_Exercise directions:_
Return the data below unaltered, but strip out the pictures.

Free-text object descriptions
↓↓↓
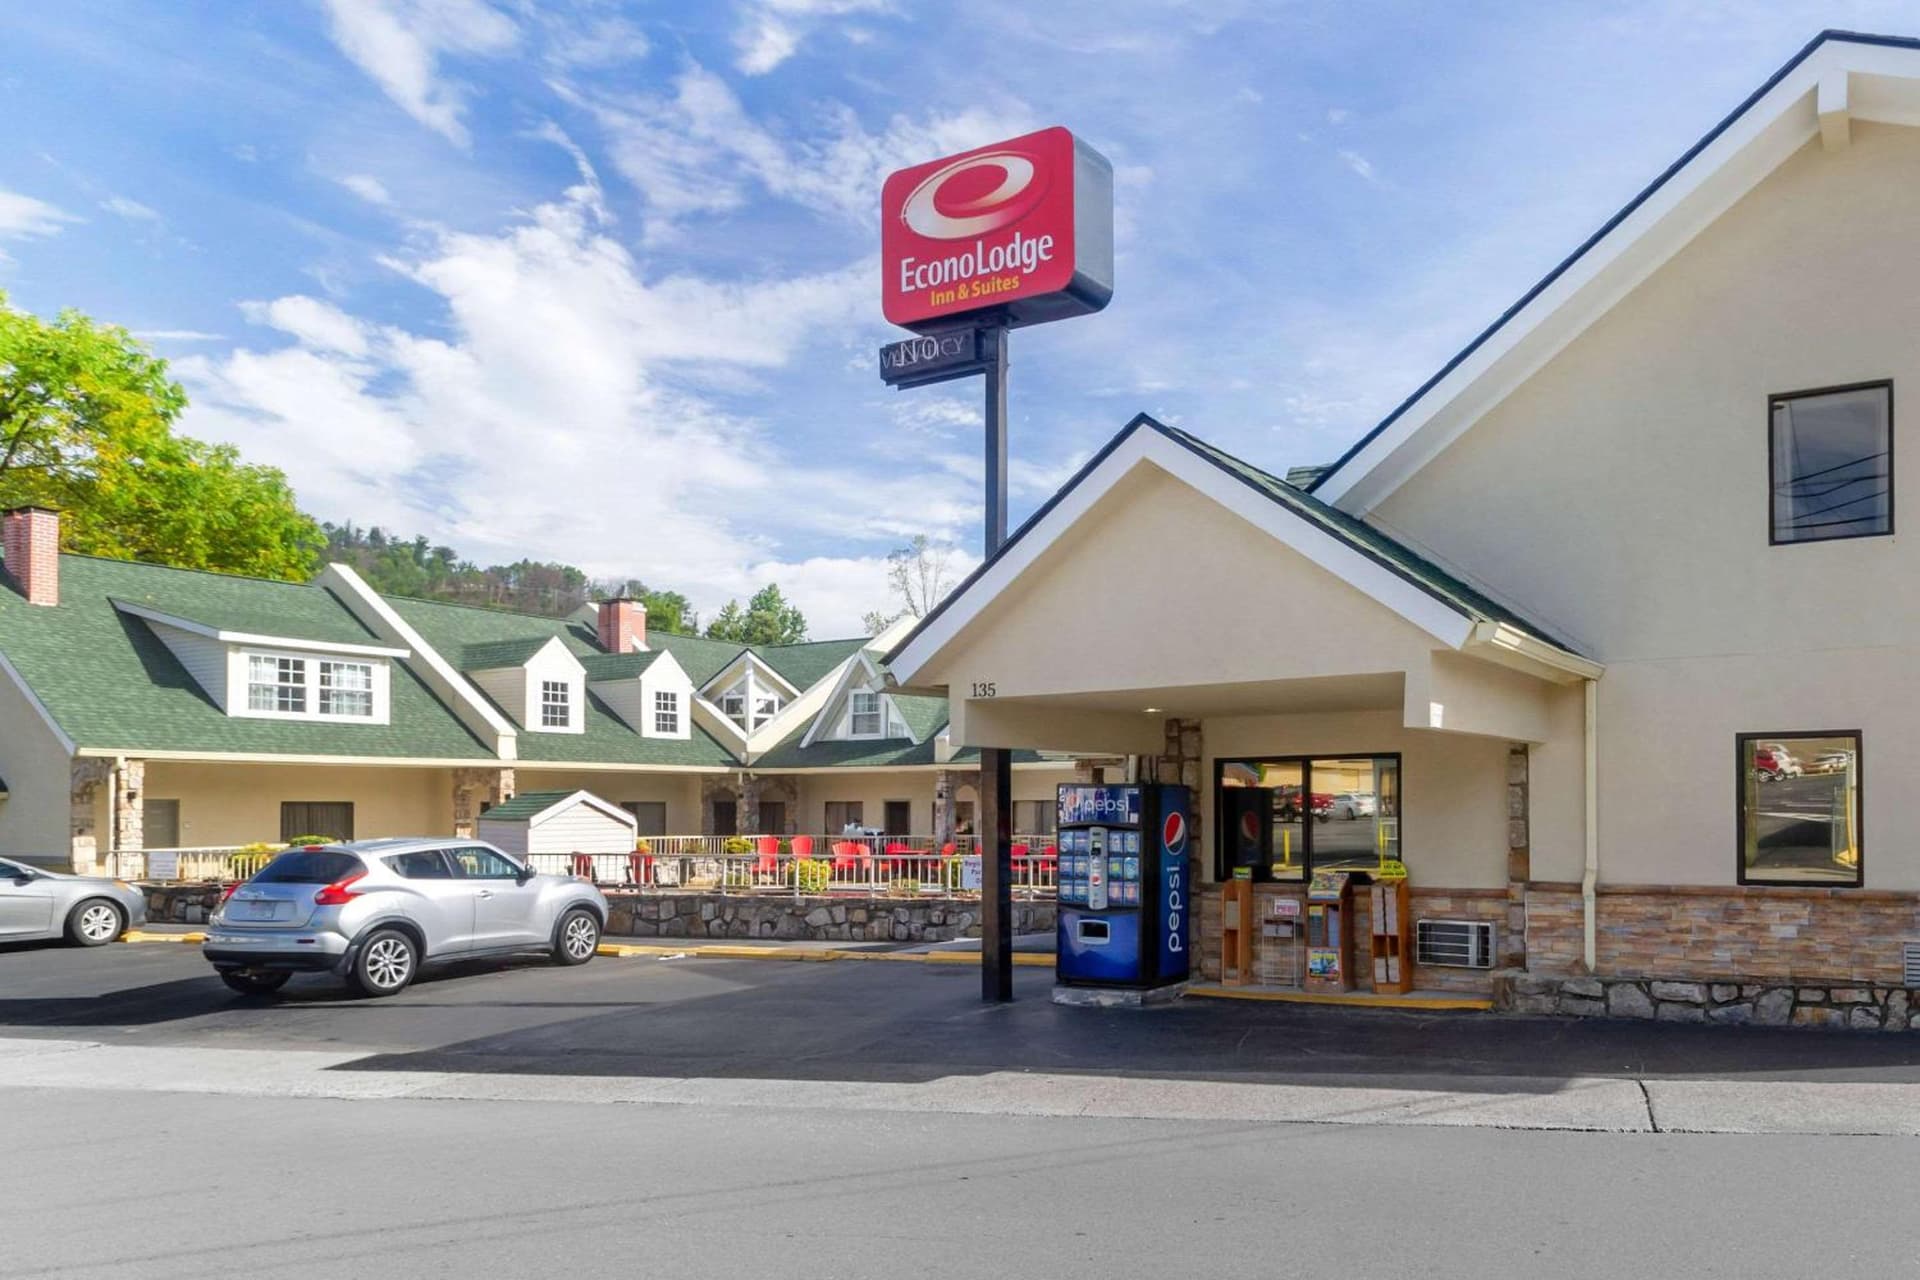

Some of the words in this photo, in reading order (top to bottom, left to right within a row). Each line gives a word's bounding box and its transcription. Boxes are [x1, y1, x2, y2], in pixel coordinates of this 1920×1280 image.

[930, 290, 955, 306] Inn
[957, 283, 969, 299] &
[971, 275, 1019, 298] Suites
[895, 336, 937, 367] NO
[971, 682, 996, 697] 135
[1166, 864, 1183, 953] pepsi
↑↑↑
_Result of this task:_
Some of the words in this photo, in reading order (top to bottom, left to right within a row). Each line gives a word's bounding box and its transcription. Boxes are [x1, y1, x2, y2], in pixel coordinates of this 1920×1280 image.

[930, 290, 955, 306] Inn
[957, 283, 969, 299] &
[971, 275, 1019, 298] Suites
[895, 336, 937, 367] NO
[971, 682, 996, 697] 135
[1166, 864, 1183, 953] pepsi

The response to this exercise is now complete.